▶ _Task directions_: Exact copy, no pictures: output each line below as it stands.

▶ _Task input_:

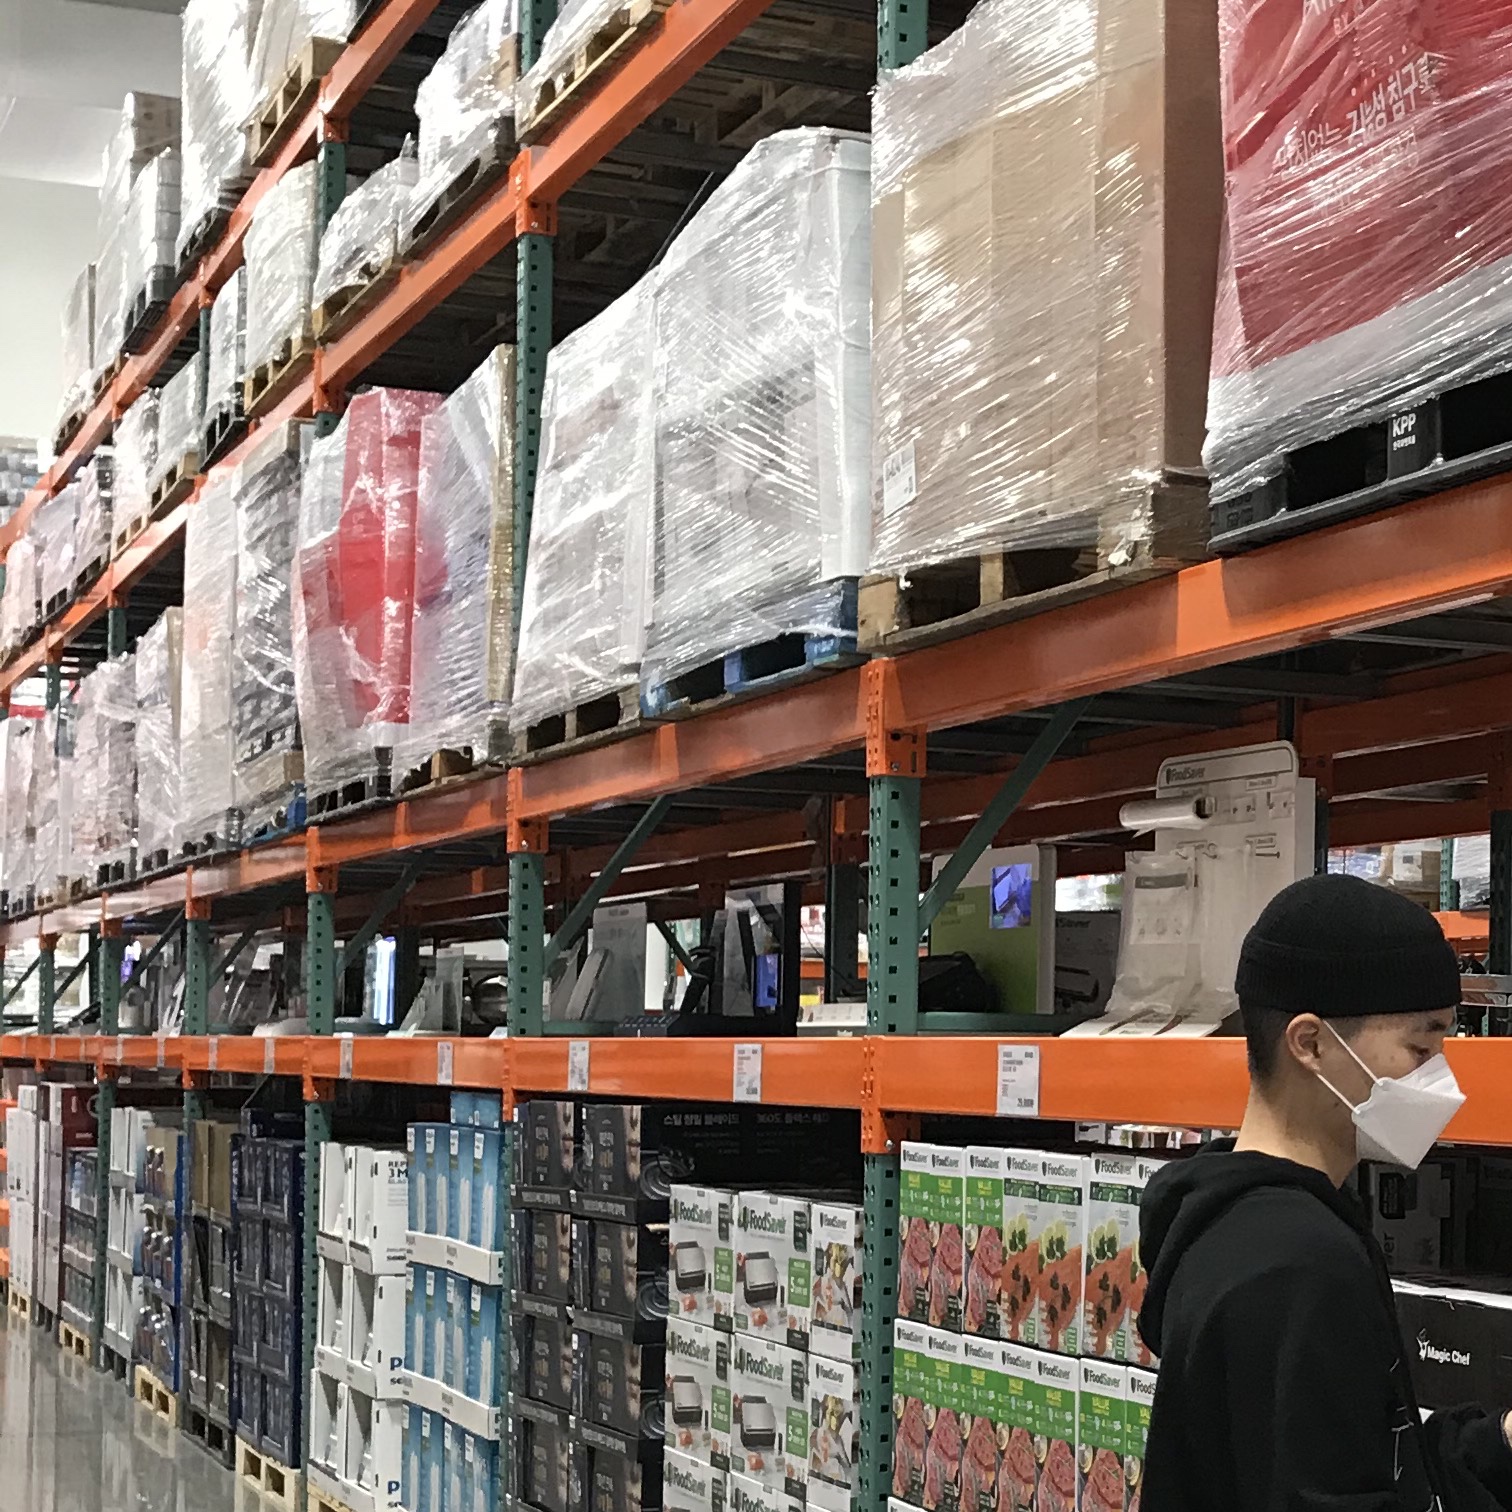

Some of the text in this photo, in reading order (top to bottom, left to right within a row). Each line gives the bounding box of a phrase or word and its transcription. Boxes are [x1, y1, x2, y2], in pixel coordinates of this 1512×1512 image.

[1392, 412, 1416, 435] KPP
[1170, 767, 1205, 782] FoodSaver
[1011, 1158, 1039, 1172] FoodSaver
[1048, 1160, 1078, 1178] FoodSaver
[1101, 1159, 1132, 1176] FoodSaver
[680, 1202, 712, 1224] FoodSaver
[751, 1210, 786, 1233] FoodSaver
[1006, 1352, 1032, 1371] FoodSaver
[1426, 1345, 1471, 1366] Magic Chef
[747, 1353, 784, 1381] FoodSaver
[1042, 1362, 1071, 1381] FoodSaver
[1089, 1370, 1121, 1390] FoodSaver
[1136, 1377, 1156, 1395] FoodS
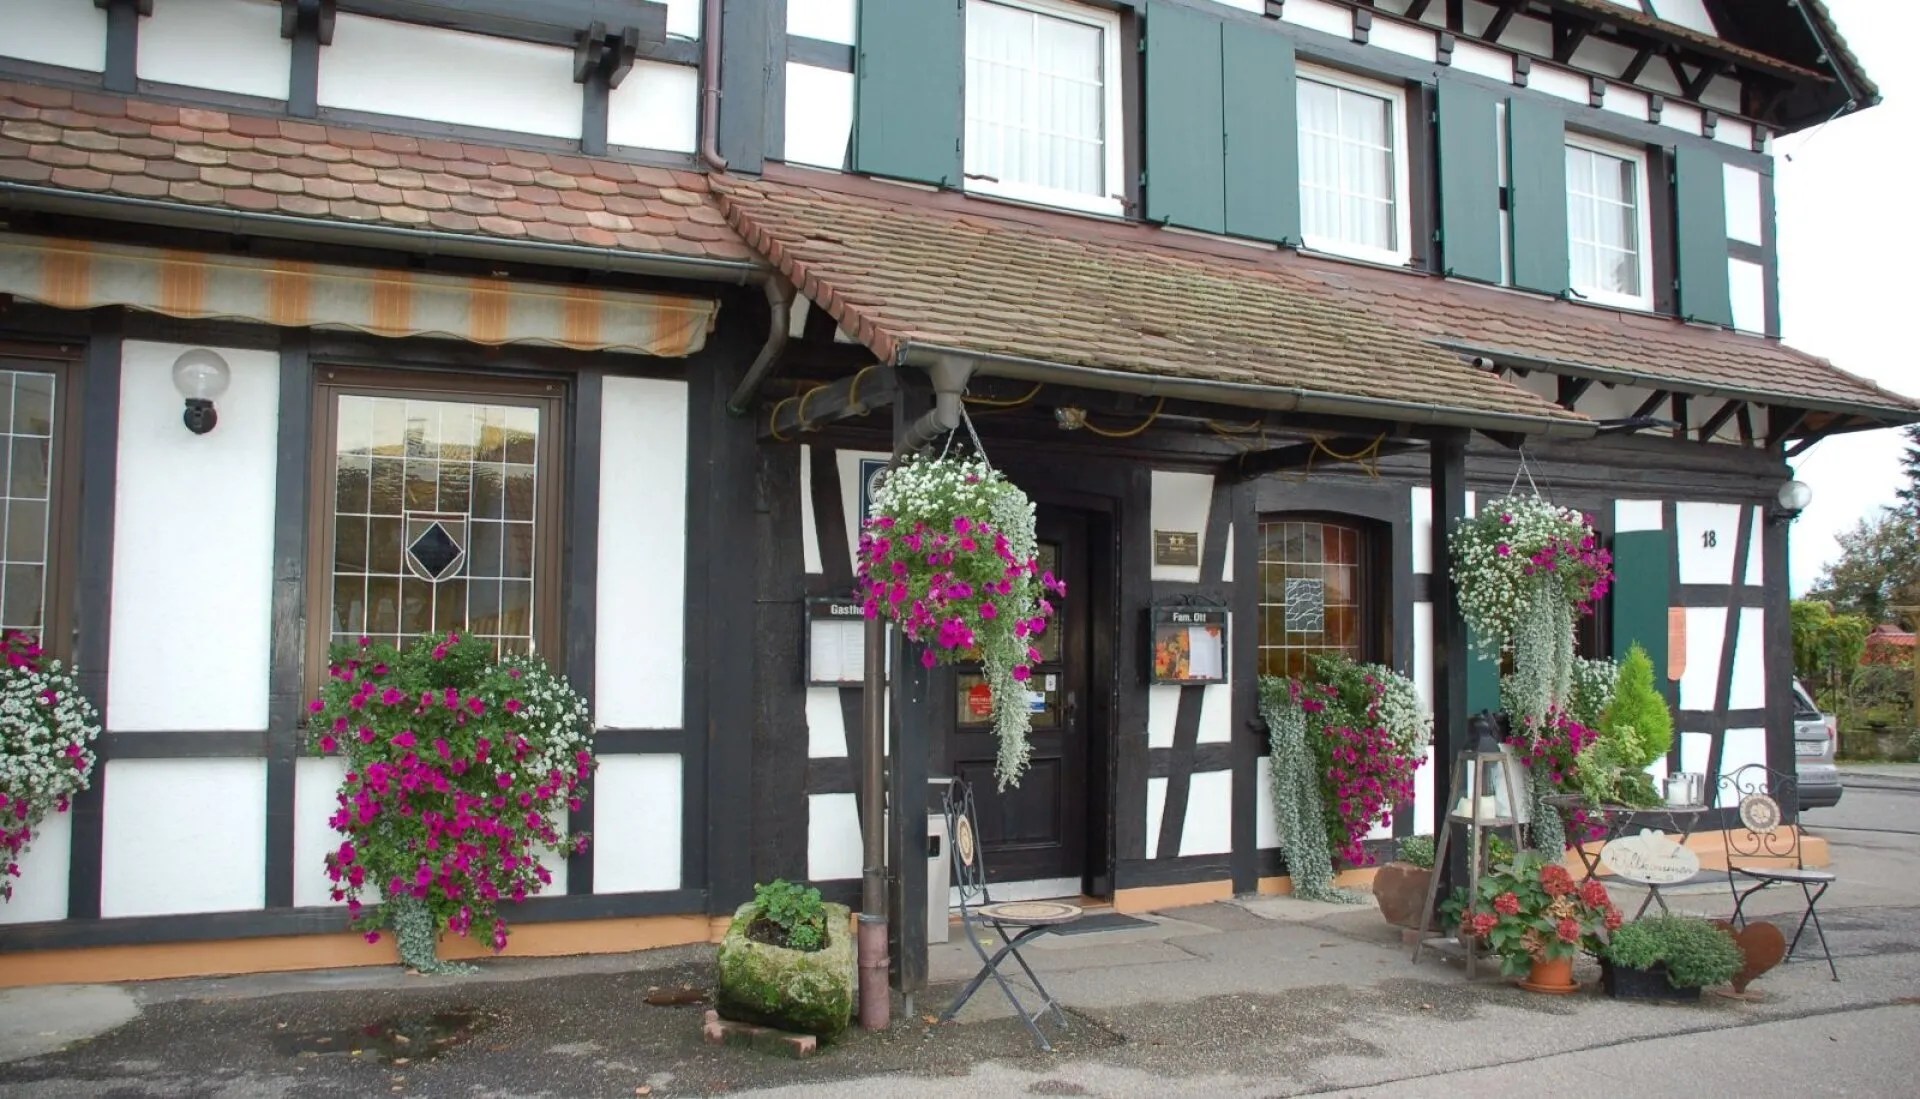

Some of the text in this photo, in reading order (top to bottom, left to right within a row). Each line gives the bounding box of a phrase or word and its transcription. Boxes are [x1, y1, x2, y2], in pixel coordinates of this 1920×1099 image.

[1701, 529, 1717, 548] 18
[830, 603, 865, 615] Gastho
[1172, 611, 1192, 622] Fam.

▶ _Reply_:
Some of the text in this photo, in reading order (top to bottom, left to right within a row). Each line gives the bounding box of a phrase or word and its transcription. Boxes are [x1, y1, x2, y2], in pixel coordinates of this 1512×1512 image.

[1392, 412, 1416, 435] KPP
[1170, 767, 1205, 782] FoodSaver
[1011, 1158, 1039, 1172] FoodSaver
[1048, 1160, 1078, 1178] FoodSaver
[1101, 1159, 1132, 1176] FoodSaver
[680, 1202, 712, 1224] FoodSaver
[751, 1210, 786, 1233] FoodSaver
[1006, 1352, 1032, 1371] FoodSaver
[1426, 1345, 1471, 1366] Magic Chef
[747, 1353, 784, 1381] FoodSaver
[1042, 1362, 1071, 1381] FoodSaver
[1089, 1370, 1121, 1390] FoodSaver
[1136, 1377, 1156, 1395] FoodS

Some of the text in this photo, in reading order (top to bottom, left to right within a row). Each line gives the bounding box of a phrase or word and its transcription. Boxes are [x1, y1, x2, y2], in pixel coordinates of this 1920×1099 image.

[1701, 529, 1717, 548] 18
[830, 603, 865, 615] Gastho
[1172, 611, 1192, 622] Fam.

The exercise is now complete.